### [What the task requires]
Exactly the lines from the one with "this 1920×1280 image." to the end of the data below should be set down, and no others.

### [Exercise input]

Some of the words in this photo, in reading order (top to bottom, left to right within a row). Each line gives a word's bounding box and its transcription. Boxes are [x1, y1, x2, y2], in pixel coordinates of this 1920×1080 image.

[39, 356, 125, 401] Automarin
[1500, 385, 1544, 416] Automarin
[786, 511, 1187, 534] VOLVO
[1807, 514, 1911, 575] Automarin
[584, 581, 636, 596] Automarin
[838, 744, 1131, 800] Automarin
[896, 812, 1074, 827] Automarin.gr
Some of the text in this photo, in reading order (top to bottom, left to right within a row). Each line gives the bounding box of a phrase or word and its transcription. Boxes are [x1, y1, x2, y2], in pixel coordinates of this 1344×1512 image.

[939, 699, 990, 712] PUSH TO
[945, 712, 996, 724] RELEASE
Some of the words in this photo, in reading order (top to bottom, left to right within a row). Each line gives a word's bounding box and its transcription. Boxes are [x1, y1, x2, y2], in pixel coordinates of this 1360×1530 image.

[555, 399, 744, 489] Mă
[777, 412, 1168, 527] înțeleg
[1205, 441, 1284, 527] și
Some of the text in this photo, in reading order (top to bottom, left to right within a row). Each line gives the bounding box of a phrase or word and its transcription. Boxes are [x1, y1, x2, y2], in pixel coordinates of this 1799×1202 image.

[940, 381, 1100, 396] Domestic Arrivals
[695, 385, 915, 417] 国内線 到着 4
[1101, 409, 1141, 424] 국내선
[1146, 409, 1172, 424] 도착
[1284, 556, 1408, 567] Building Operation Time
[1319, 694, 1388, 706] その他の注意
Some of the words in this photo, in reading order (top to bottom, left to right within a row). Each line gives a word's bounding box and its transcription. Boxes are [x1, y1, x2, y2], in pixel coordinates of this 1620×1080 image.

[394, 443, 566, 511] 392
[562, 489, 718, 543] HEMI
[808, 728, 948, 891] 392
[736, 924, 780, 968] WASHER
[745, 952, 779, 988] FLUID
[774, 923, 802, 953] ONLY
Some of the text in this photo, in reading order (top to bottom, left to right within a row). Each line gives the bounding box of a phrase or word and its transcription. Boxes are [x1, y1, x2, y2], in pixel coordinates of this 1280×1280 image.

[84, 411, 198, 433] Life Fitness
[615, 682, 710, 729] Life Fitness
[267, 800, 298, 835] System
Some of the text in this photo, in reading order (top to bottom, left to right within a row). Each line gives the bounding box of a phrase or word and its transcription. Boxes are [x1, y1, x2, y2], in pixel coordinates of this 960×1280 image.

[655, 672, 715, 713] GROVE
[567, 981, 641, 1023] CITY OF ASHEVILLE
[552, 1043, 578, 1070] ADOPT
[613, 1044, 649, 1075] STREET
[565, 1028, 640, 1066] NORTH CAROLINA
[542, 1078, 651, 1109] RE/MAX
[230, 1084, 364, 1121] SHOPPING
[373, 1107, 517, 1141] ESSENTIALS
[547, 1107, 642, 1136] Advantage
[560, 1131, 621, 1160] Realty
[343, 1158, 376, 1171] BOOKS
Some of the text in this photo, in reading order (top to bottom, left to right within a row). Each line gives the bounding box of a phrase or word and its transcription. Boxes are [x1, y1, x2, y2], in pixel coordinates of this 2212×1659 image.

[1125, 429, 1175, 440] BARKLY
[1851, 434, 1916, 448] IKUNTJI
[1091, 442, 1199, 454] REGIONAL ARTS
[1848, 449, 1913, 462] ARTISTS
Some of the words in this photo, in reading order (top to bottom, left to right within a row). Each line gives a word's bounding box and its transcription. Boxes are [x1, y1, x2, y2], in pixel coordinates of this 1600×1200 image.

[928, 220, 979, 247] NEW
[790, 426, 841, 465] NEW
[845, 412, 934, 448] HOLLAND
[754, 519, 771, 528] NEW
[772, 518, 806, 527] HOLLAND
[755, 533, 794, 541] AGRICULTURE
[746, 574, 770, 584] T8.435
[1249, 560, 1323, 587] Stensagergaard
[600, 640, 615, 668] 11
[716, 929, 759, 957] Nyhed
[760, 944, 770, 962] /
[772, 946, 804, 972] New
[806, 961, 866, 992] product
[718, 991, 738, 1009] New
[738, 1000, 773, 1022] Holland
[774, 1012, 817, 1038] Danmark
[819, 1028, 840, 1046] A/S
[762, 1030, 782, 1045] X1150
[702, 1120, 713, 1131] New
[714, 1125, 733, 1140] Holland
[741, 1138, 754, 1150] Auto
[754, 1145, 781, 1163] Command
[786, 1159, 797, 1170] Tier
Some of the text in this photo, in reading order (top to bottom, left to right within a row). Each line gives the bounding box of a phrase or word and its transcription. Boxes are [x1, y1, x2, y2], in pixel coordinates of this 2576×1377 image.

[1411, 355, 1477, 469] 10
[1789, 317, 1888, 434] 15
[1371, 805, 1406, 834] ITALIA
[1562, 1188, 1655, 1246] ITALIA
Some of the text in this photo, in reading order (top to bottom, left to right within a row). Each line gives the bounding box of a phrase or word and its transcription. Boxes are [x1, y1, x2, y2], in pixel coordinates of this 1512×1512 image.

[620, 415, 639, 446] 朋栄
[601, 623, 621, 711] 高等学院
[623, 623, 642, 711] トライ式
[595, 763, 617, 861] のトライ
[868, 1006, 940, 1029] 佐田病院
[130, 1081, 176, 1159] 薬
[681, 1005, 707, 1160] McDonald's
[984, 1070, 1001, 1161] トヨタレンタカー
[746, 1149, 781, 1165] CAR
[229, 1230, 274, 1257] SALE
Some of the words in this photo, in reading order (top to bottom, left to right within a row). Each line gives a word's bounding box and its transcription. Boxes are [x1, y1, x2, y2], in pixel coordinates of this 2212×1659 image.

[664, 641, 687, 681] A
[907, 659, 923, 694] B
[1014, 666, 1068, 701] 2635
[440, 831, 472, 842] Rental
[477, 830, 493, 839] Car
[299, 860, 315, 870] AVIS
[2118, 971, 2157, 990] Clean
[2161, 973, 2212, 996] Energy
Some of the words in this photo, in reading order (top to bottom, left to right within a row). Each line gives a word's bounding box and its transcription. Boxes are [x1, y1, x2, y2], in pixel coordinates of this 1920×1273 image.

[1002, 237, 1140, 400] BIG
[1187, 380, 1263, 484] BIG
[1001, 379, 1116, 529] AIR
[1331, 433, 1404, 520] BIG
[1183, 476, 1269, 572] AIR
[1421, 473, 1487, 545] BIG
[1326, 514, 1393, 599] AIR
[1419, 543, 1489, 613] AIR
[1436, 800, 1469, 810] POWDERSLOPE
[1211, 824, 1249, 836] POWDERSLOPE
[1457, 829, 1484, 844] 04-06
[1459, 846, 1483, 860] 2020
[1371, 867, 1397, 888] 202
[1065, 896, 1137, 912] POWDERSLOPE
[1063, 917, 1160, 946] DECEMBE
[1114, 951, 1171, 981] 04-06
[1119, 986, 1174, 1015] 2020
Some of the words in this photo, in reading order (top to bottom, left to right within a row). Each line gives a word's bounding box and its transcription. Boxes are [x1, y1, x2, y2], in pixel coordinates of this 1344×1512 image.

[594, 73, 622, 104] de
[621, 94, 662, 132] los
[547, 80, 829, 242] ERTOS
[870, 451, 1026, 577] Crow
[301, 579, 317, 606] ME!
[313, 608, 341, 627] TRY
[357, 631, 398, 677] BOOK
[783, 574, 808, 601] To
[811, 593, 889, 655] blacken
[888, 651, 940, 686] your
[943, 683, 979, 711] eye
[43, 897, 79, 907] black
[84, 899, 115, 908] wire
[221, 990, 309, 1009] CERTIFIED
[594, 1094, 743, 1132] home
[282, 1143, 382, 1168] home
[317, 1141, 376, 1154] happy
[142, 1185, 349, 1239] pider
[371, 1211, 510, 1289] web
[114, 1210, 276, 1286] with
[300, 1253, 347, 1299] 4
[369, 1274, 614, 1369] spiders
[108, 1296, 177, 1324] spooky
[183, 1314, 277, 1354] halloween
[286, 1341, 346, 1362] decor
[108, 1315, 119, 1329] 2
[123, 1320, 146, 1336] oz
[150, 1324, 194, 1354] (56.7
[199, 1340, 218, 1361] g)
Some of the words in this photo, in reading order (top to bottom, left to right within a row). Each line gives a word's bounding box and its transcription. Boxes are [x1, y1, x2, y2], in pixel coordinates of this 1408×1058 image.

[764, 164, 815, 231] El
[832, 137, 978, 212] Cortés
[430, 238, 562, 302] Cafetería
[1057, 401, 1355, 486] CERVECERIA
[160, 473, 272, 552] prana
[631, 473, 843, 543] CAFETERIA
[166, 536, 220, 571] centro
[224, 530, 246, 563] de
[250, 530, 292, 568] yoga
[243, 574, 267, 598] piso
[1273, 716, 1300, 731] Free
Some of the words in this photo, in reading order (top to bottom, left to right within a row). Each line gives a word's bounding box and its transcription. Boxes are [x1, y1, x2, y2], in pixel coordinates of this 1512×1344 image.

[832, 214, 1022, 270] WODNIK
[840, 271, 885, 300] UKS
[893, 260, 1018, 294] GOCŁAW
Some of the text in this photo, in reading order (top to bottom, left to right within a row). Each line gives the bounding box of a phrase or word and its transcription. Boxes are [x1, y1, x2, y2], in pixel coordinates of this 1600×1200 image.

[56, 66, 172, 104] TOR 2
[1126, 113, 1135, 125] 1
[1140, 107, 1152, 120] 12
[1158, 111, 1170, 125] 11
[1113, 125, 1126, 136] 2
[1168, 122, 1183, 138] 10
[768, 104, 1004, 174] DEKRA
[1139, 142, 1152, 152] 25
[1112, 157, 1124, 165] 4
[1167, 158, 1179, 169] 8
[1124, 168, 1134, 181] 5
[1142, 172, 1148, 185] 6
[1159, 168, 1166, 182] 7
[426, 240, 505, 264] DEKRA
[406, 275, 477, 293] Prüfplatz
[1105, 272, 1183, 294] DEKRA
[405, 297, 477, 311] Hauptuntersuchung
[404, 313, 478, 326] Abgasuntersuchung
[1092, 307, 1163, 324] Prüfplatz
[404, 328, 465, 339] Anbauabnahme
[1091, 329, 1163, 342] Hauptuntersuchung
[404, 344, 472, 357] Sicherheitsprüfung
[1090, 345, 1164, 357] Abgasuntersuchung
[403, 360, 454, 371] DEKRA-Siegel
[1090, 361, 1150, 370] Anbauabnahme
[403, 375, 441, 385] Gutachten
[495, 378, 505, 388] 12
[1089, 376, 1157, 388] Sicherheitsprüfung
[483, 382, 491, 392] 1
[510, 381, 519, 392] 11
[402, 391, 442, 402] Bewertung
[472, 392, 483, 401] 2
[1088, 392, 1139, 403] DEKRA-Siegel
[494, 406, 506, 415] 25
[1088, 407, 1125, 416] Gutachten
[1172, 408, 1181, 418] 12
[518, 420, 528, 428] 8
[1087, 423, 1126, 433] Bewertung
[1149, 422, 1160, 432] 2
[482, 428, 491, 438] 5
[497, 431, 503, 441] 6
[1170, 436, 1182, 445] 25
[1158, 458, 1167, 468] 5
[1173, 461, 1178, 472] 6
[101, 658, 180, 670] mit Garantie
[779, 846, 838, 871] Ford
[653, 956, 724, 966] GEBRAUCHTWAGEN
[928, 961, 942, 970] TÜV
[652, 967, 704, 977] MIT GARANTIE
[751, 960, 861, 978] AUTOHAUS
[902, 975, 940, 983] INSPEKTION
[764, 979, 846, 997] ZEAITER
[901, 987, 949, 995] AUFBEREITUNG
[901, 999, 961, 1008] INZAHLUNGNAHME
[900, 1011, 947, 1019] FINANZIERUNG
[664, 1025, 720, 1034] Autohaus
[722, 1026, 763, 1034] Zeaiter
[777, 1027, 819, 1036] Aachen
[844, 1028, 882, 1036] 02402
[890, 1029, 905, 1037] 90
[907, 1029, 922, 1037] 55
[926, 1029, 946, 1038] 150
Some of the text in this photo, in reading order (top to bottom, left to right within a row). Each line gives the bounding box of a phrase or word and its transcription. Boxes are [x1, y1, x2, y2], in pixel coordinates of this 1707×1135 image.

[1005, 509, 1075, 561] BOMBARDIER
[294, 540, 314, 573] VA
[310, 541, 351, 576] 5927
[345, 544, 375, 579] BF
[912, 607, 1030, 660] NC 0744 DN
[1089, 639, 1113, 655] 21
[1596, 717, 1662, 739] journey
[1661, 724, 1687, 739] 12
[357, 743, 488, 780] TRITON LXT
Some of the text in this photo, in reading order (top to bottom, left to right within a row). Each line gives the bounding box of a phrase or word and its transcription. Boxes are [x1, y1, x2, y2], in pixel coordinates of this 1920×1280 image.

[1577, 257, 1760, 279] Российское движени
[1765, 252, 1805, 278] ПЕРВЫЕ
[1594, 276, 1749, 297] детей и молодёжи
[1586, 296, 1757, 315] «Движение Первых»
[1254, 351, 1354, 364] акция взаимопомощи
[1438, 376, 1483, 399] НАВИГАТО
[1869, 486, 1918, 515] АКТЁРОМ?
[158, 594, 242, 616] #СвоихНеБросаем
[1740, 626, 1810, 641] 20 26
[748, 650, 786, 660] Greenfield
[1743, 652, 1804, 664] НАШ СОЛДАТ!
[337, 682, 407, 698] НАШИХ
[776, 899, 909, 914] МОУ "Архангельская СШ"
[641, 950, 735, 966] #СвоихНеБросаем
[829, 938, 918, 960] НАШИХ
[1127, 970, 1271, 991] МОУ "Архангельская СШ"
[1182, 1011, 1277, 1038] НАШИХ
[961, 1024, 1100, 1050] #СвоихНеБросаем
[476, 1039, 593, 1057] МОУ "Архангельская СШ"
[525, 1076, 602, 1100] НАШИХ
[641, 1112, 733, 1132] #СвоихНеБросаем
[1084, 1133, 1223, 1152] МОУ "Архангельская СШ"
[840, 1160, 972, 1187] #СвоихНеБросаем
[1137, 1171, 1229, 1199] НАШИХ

### [Your solution]
Some of the text in this photo, in reading order (top to bottom, left to right within a row). Each line gives the bounding box of a phrase or word and its transcription. Boxes are [x1, y1, x2, y2], in pixel coordinates of this 1920×1280 image.

[1577, 257, 1760, 279] Российское движени
[1765, 252, 1805, 278] ПЕРВЫЕ
[1594, 276, 1749, 297] детей и молодёжи
[1586, 296, 1757, 315] «Движение Первых»
[1254, 351, 1354, 364] акция взаимопомощи
[1438, 376, 1483, 399] НАВИГАТО
[1869, 486, 1918, 515] АКТЁРОМ?
[158, 594, 242, 616] #СвоихНеБросаем
[1740, 626, 1810, 641] 20 26
[748, 650, 786, 660] Greenfield
[1743, 652, 1804, 664] НАШ СОЛДАТ!
[337, 682, 407, 698] НАШИХ
[776, 899, 909, 914] МОУ "Архангельская СШ"
[641, 950, 735, 966] #СвоихНеБросаем
[829, 938, 918, 960] НАШИХ
[1127, 970, 1271, 991] МОУ "Архангельская СШ"
[1182, 1011, 1277, 1038] НАШИХ
[961, 1024, 1100, 1050] #СвоихНеБросаем
[476, 1039, 593, 1057] МОУ "Архангельская СШ"
[525, 1076, 602, 1100] НАШИХ
[641, 1112, 733, 1132] #СвоихНеБросаем
[1084, 1133, 1223, 1152] МОУ "Архангельская СШ"
[840, 1160, 972, 1187] #СвоихНеБросаем
[1137, 1171, 1229, 1199] НАШИХ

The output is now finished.